> _Work item_
Could you retype all of the entries exactly, without their pictures?
[[ Dataset extract, beginning ]]
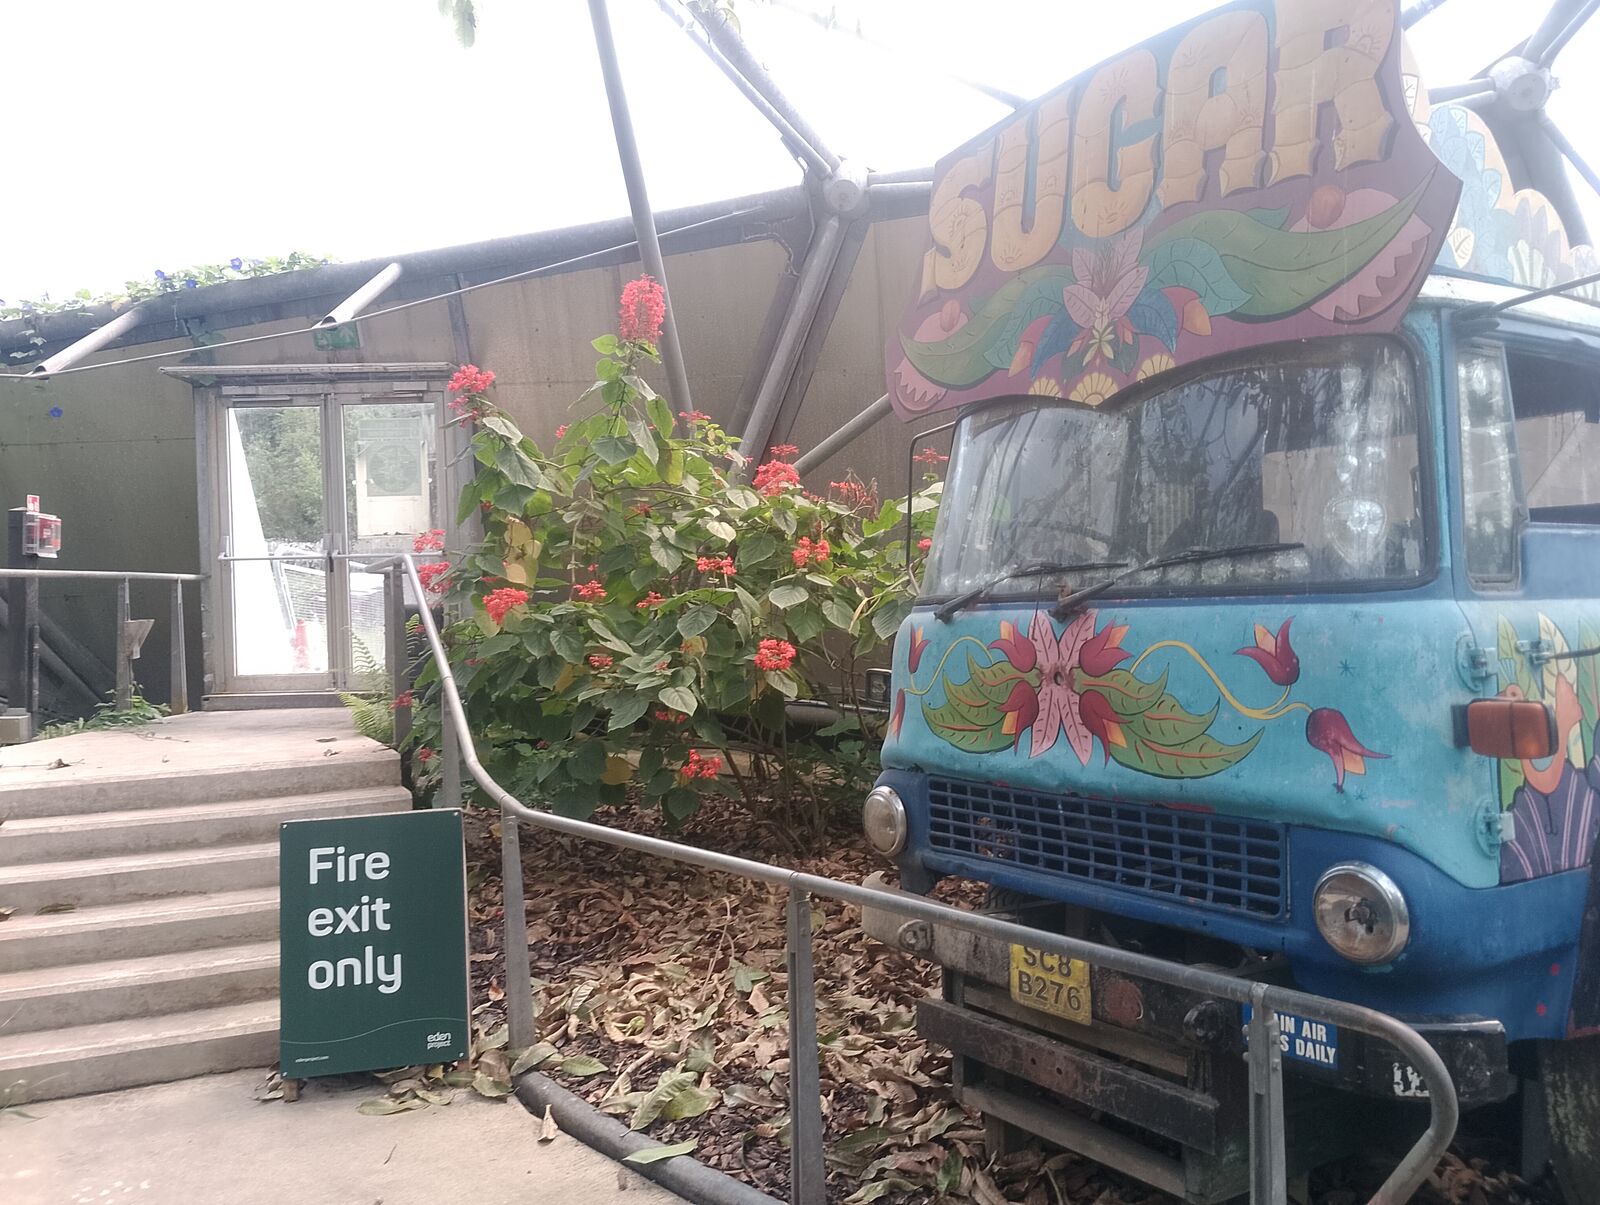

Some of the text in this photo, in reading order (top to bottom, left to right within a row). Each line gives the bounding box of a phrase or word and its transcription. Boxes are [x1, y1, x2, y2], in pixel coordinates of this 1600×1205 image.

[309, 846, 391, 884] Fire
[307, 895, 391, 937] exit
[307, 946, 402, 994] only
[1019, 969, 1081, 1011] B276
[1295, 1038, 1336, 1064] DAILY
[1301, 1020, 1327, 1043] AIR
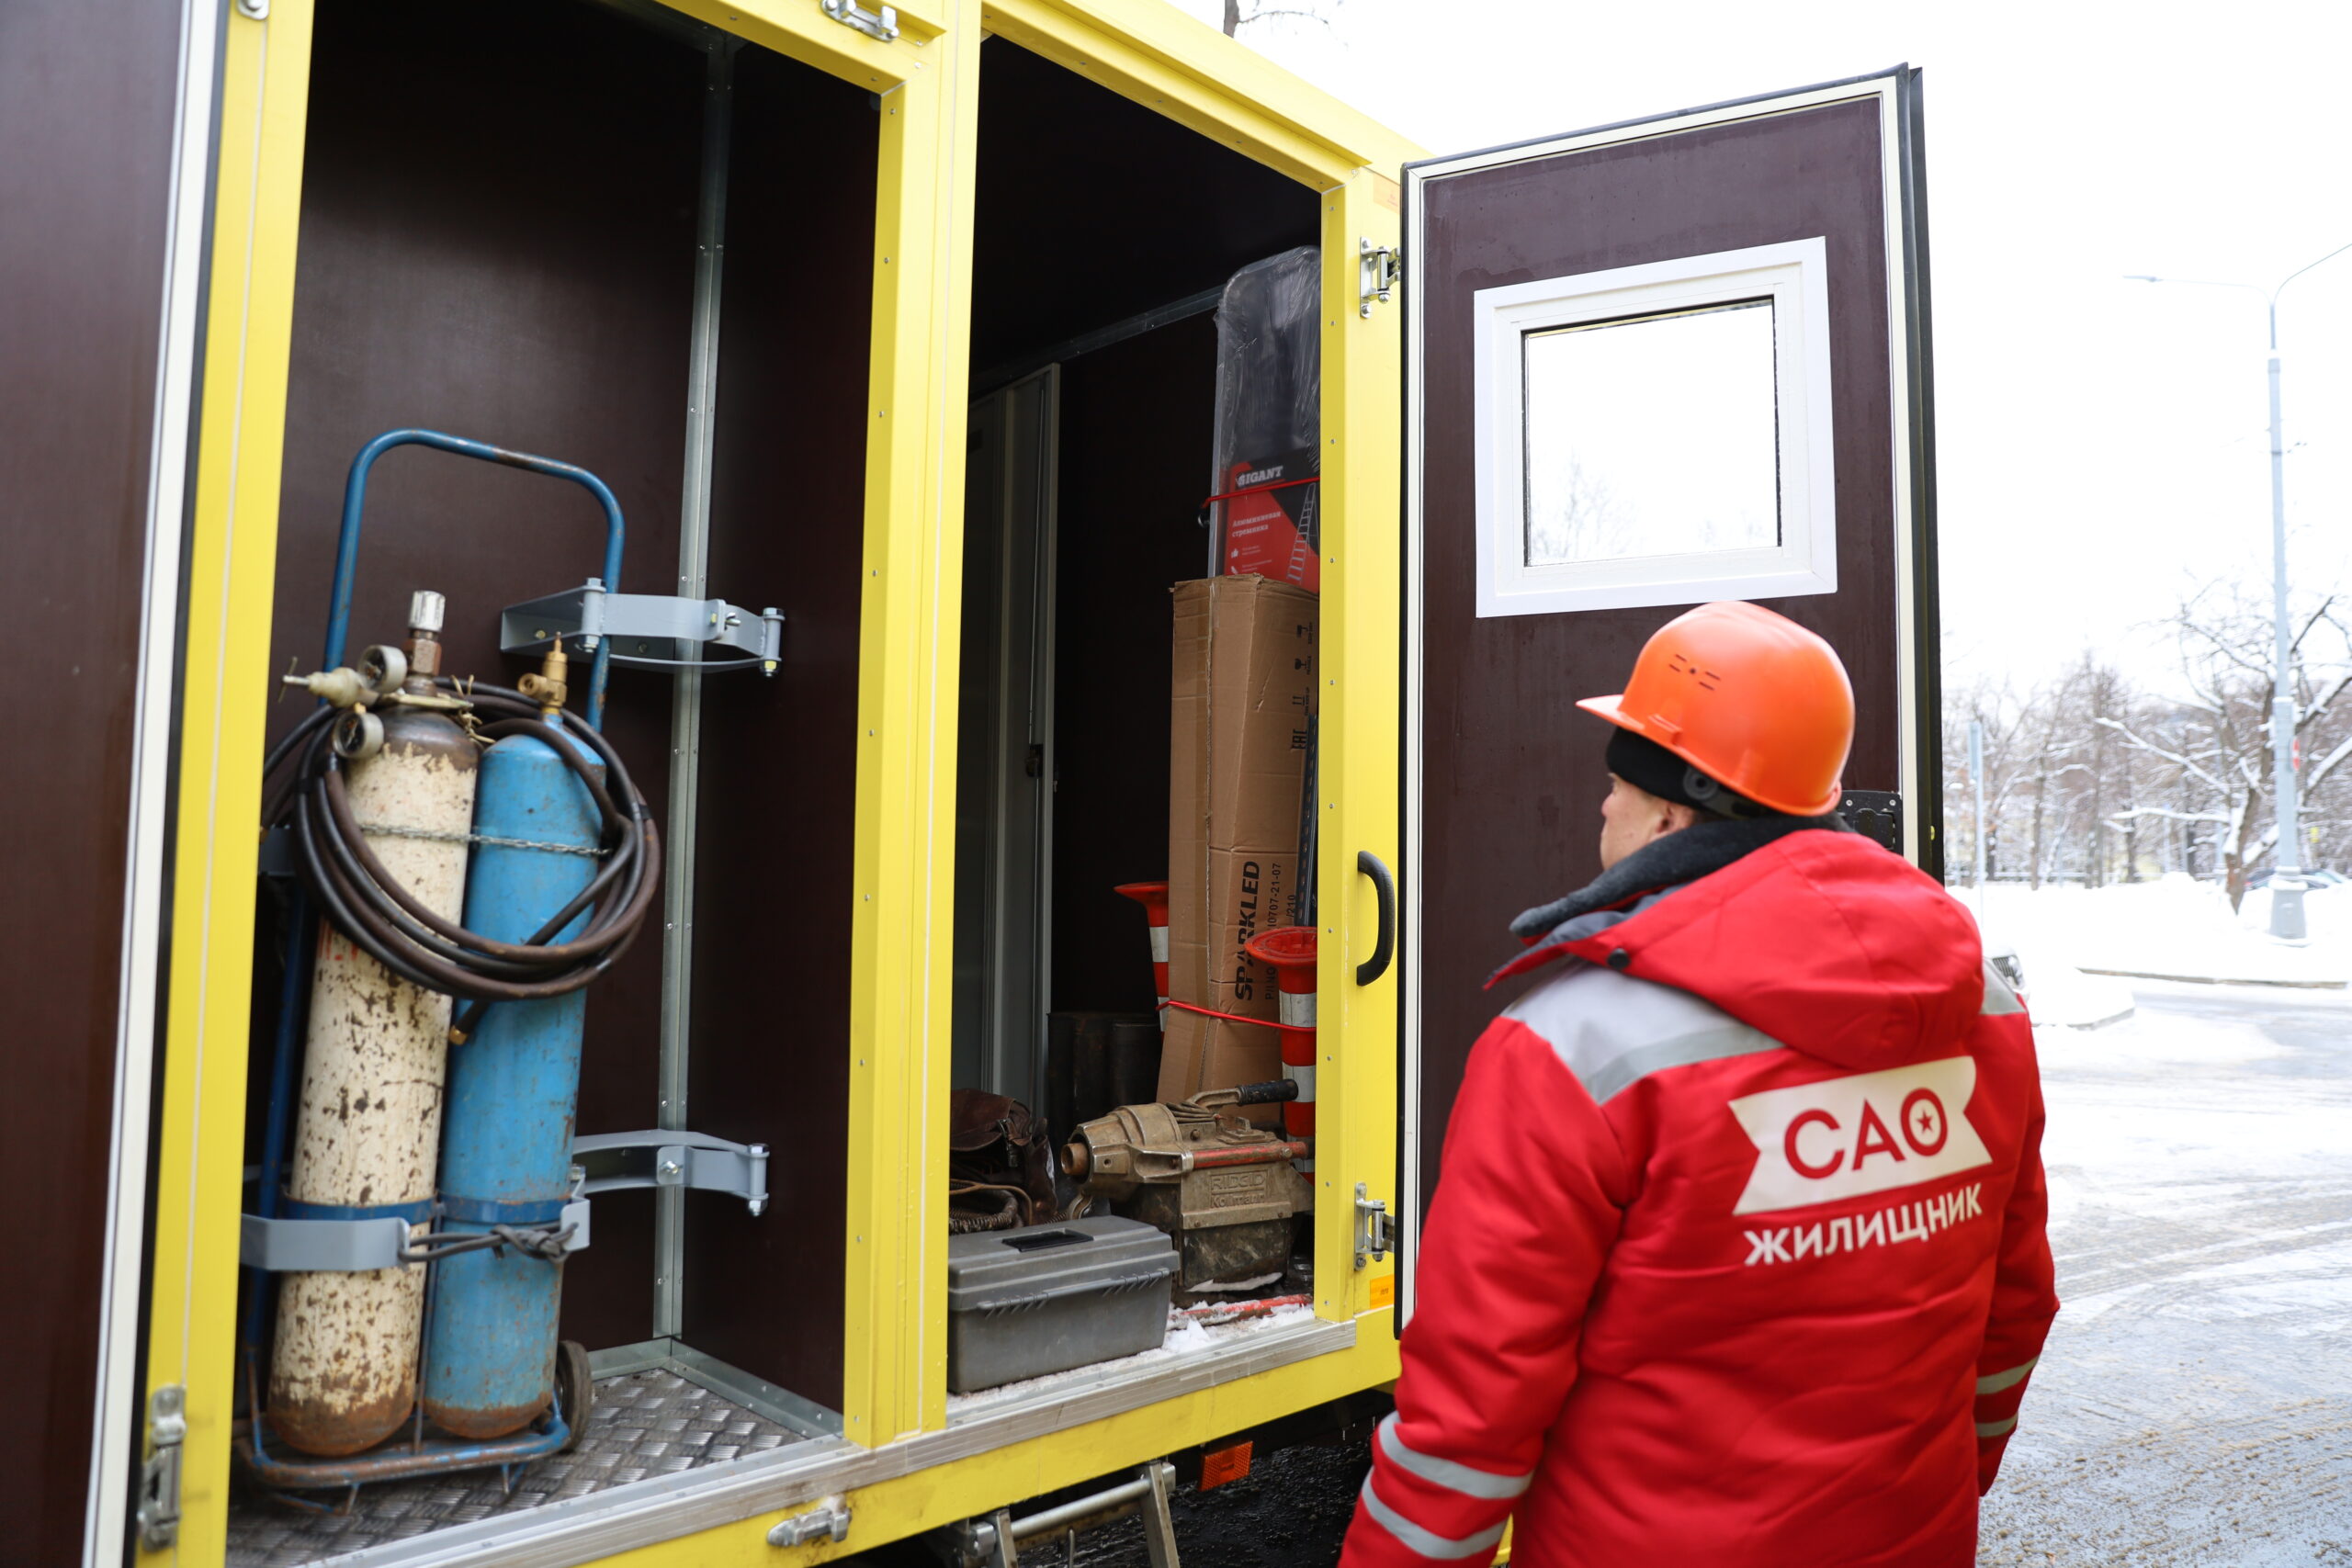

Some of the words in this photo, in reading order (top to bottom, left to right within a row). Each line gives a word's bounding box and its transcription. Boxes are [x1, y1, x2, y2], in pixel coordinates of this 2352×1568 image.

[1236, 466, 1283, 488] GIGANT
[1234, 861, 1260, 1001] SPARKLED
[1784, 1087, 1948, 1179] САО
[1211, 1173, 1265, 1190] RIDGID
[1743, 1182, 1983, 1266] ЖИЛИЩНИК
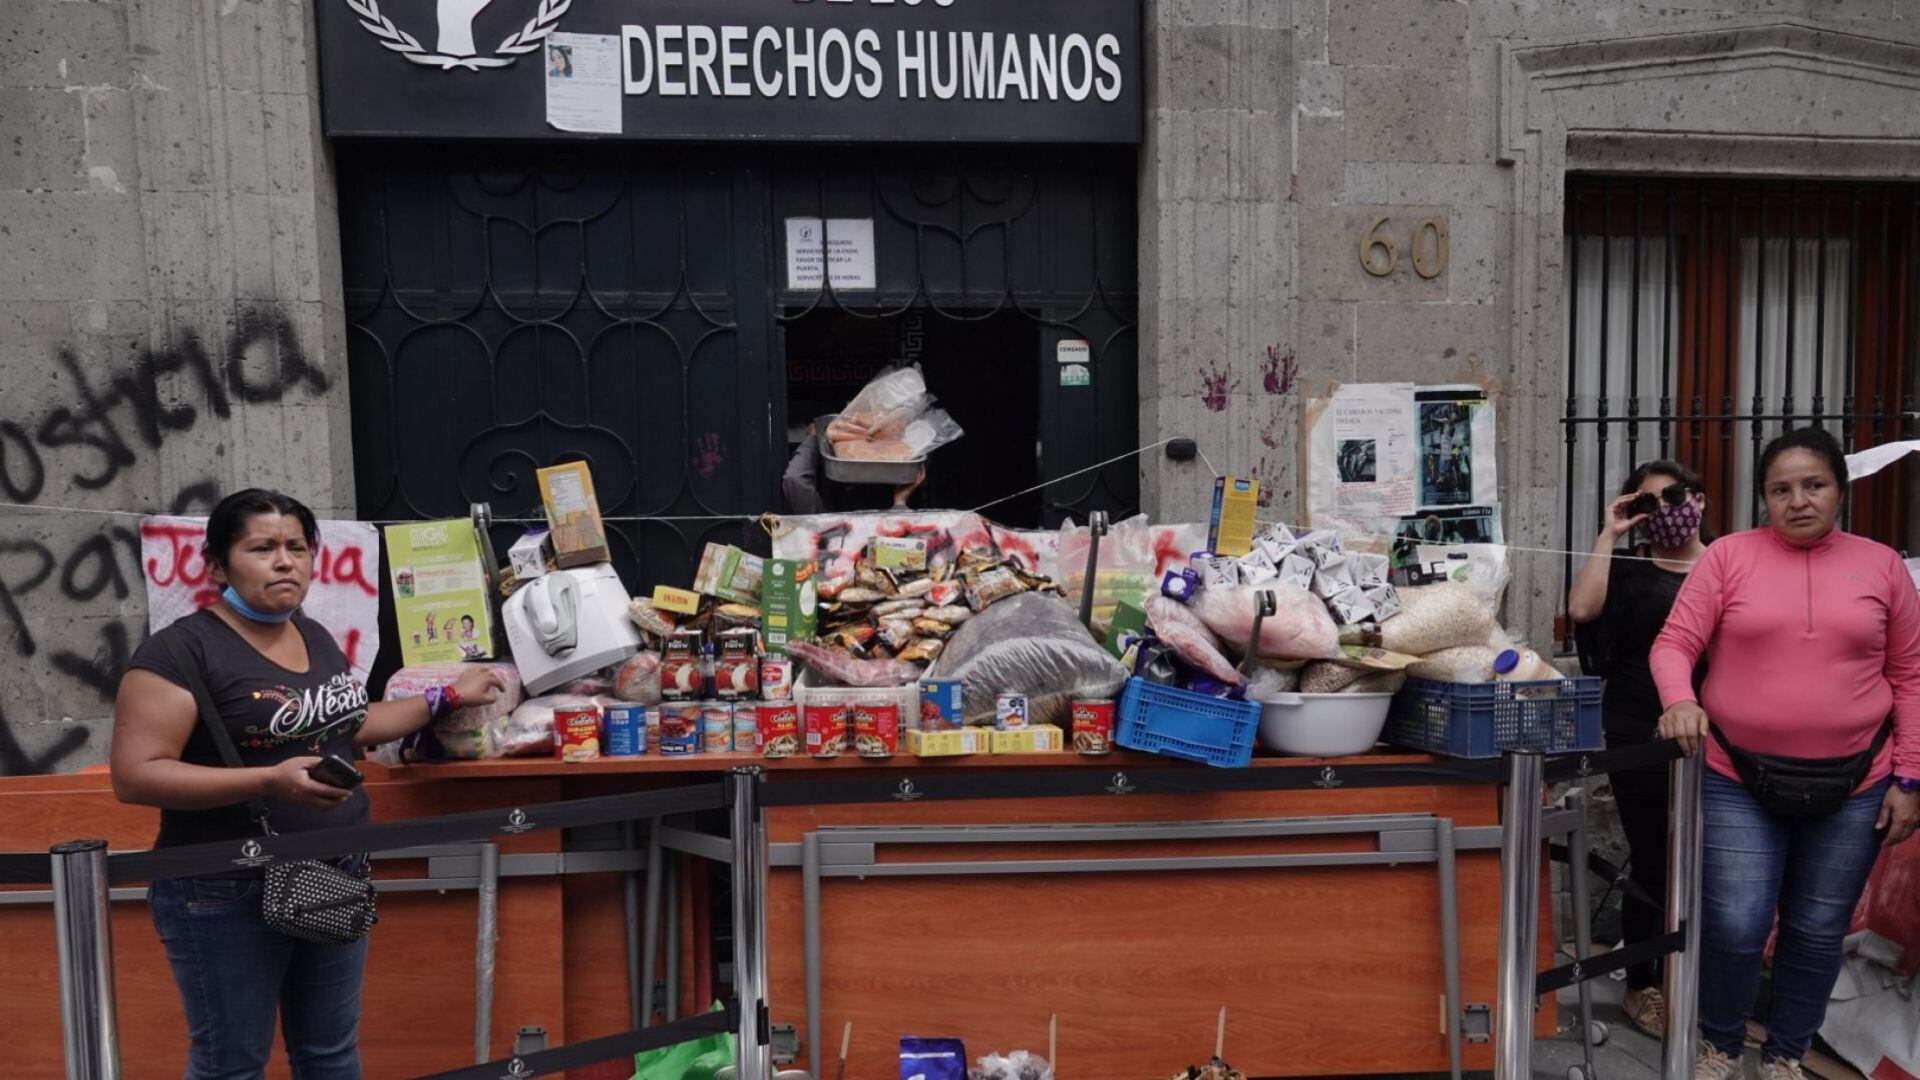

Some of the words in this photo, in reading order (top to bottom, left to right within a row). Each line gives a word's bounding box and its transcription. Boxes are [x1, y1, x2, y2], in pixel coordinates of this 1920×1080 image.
[[ Dataset extract, end ]]
> _Final answer_
Some of the text in this photo, in reading order (top to bottom, left to right within a row). Each line gives the bounding box of a phrase or word and its transcription. Boxes are [x1, y1, x2, y2], in pixel coordinates of this 1600×1205 image.

[309, 846, 391, 884] Fire
[307, 895, 391, 937] exit
[307, 946, 402, 994] only
[1019, 969, 1081, 1011] B276
[1295, 1038, 1336, 1064] DAILY
[1301, 1020, 1327, 1043] AIR

Some of the words in this photo, in reading order (top to bottom, left to right within a row). Each line gives a word's bounding box and its transcription. Boxes are [x1, y1, x2, y2], in pixel coordinates of this 2352×1568 image.

[1236, 466, 1283, 488] GIGANT
[1234, 861, 1260, 1001] SPARKLED
[1784, 1087, 1948, 1179] САО
[1211, 1173, 1265, 1190] RIDGID
[1743, 1182, 1983, 1266] ЖИЛИЩНИК

Some of the words in this photo, in reading order (top to bottom, left to right within a row). Each line gives a word's bounding box and its transcription. Boxes are [x1, y1, x2, y2], in pixel coordinates of this 1920×1080 image.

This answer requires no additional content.